“Raggi chi critica è fuori”, titola Repubblica, “Su Roma lo scontro Pd-M5S”. Anticipata dai social, la sindaca ha richiamato i 5 stelle al loro orgoglio: non siamo noi i corrotti, né abbiamo provocato noi – ma chi ha governato prima – il dissesto della Azienda Roma. Sulla seconda affermazione ha certo ragione. E anche sulla prima, sebbene sembra che il consigliere Stefàno abbia “raccomandato” al manager Rota una società privata per un appalto, e questo, anche se di per sé non prova alcuna “corruzione”, dimostra però che certe cattive abitudini possono filtrare anche fra gli “onesti”.

Il punto è un altro. Ora che i 5 stelle hanno ereditato (ormai da più di un anno) il disastro altrui, cosa propongono? Che stanno facendo per i trasporti, per la gestione di acqua e rifiuti?
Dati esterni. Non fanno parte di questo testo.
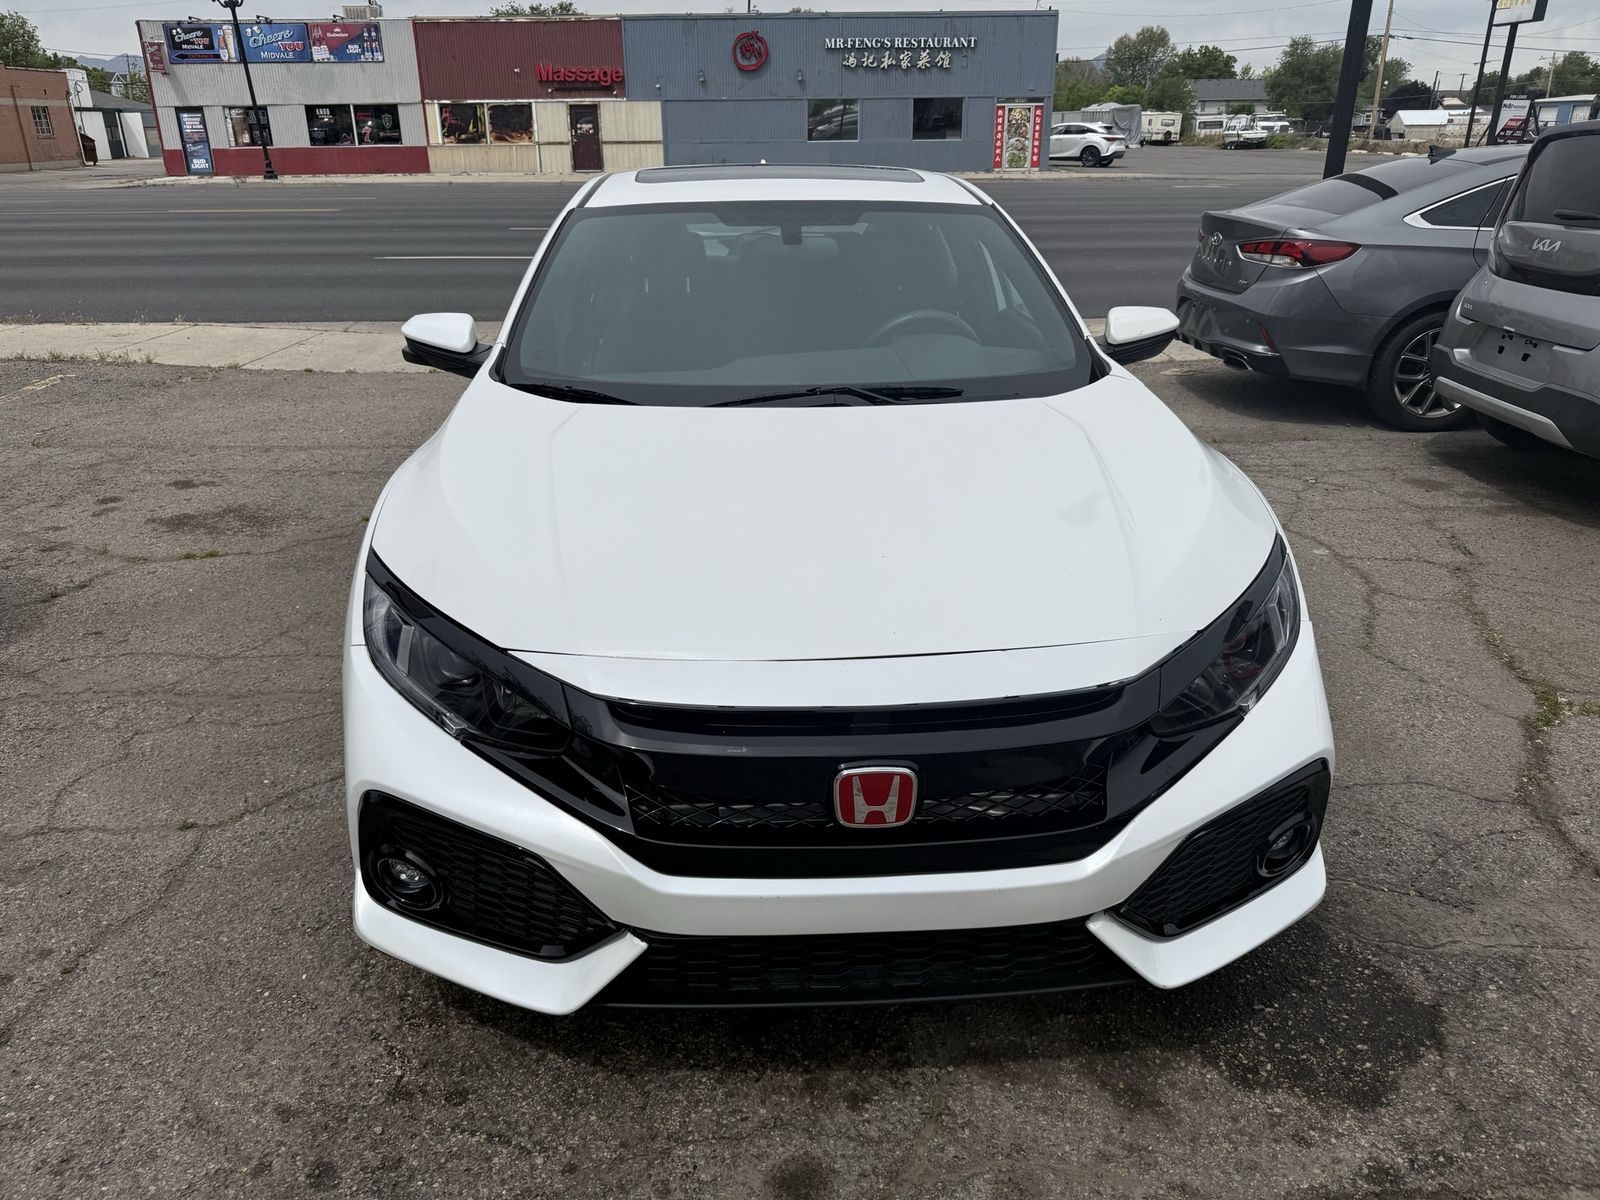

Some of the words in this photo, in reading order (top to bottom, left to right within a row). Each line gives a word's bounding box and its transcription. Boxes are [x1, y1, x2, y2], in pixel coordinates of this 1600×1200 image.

[175, 30, 203, 42] Cheers
[249, 29, 294, 48] Cheers
[278, 41, 305, 52] YOU
[894, 37, 978, 48] RESTAURANT
[260, 51, 295, 59] MIDVALE
[535, 63, 624, 86] Massage
A me pare che facciano poco, che si sentano assediati – e lo sono, anche per via di certi loro errori, e mi riferisco ai tanti “tecnici” prima chiamati e poi allontanati -, ho l’impressione che si chiudano a riccio, rinviando scelte che sono invece urgenti.

Limitiamoci a prendere in esame il caso Atac. Ben prima delle dimissioni di Rota, Walter Tocci aveva firmato la proposta di referendum radicale per la “liberalizzazione” del trasporto pubblico romano. Tocci parla di “liberalizzazione” non di “privatizzazione”: il controllo sul sistema rimane pubblico, le ditte private devono impegnarsi a rispettare gli obiettivi indicati dal comune – pena la decadenza del contratto -, né potranno licenziare autisti, operai e impiegati, ma solo i dirigenti.

Non è una cosa facile da farsi, ne convengo. Ma allora cosa? Portiamo i libri in tribunale – come propone Rota -, tagliamo sprechi e consorterie, chiediamo ai romani di sopportare un periodo non breve di gravi disagi, fino a quando non sarà stato possibile risanare l’azienda pubblica? Virginia Raggi non ha scelto né l’una né l’altra strada. E allora? Allora se la crisi andrà avanti, prima o poi arriverà un colosso industriale disposto a prendersi Atac a prezzo da saldo. Si presenterà come il salvatore, poi licenzierà, privilegerà solo il trasporto che può rendere meglio, farà profitti esautorando il comune. Dunque, cara sindaca, non basta essere onesti, bisogna anche saper scegliere. Se possibile, nell’interesse della collettività.

“Libia, Haftar attacca”, il Corriere intervista il dominus di Tobruk. Il quale dice che le navi italiane non potranno penetrare in acque libiche, meno che meno i nostri militari potranno fermare i trafficanti – tale privilegio spetta ai libici -, né dovranno mai mostrare un’arma. Aspetto con ansia che il decreto – pare dopodomani – arrivi in Parlamento per capire cosa andremo a fare in Libia, con quali obiettivi strategici e quali presunti vantaggi.

Matteo Renzi ha parlato: “il premier lo decidono gli italiani col voto”. Se ben comprendo, liberi tutti. Nessuna alleanza, nessuna modifica alla “linea”, fino all’aprile del 2018. Poi, se il Partito di Renzi avrà preso parecchi voti, il suo segretario chiederà palazzo Chigi. Se no, bisognerà cercare accordi.

Ma Repubblica non lo lascia in pace. Scalfari gli sventola sotto il naso il pericolo Macron – come il torero mostra il rosso al toro – e gli ingiunge di imbarcare in squadra Prodi, Letta, Veltroni. Giannini si schiera per una nuova legge elettorale con premio alla coalizione, magari, al 35%. Renzi sarebbe costretto ad allearsi e a passare la mano, avendo egli ormai il profilo di un solista, incapace di comporre e mediare. Infine Berlusconi, intervistato da Repubblica, tesse l’elogio di Mattarella, si propone come difensore degli interessi italiani contro Macron, chiede a Pd e 5 stelle di approvare insieme a settembre una nuova legge elettorale…su modello tedesco.

Questo è lo stato dell’arte. Quanto alla farina del mio sacco, mi limito a dire che una legge proporzionale con sbarramento al 5%, in cui una parte dei deputati e dei senatori vengano scelti dagli elettori in collegi uninominali (a condizione che questo collegi non siano enormi e che si possa esercitare il voto disgiunto – uno al candidato del collegio un altro per la lista proporzionale -, beh una tale legge -che non è la mia preferita – non mi parrebbe, tuttavia, uno sproposito e potrei votarla.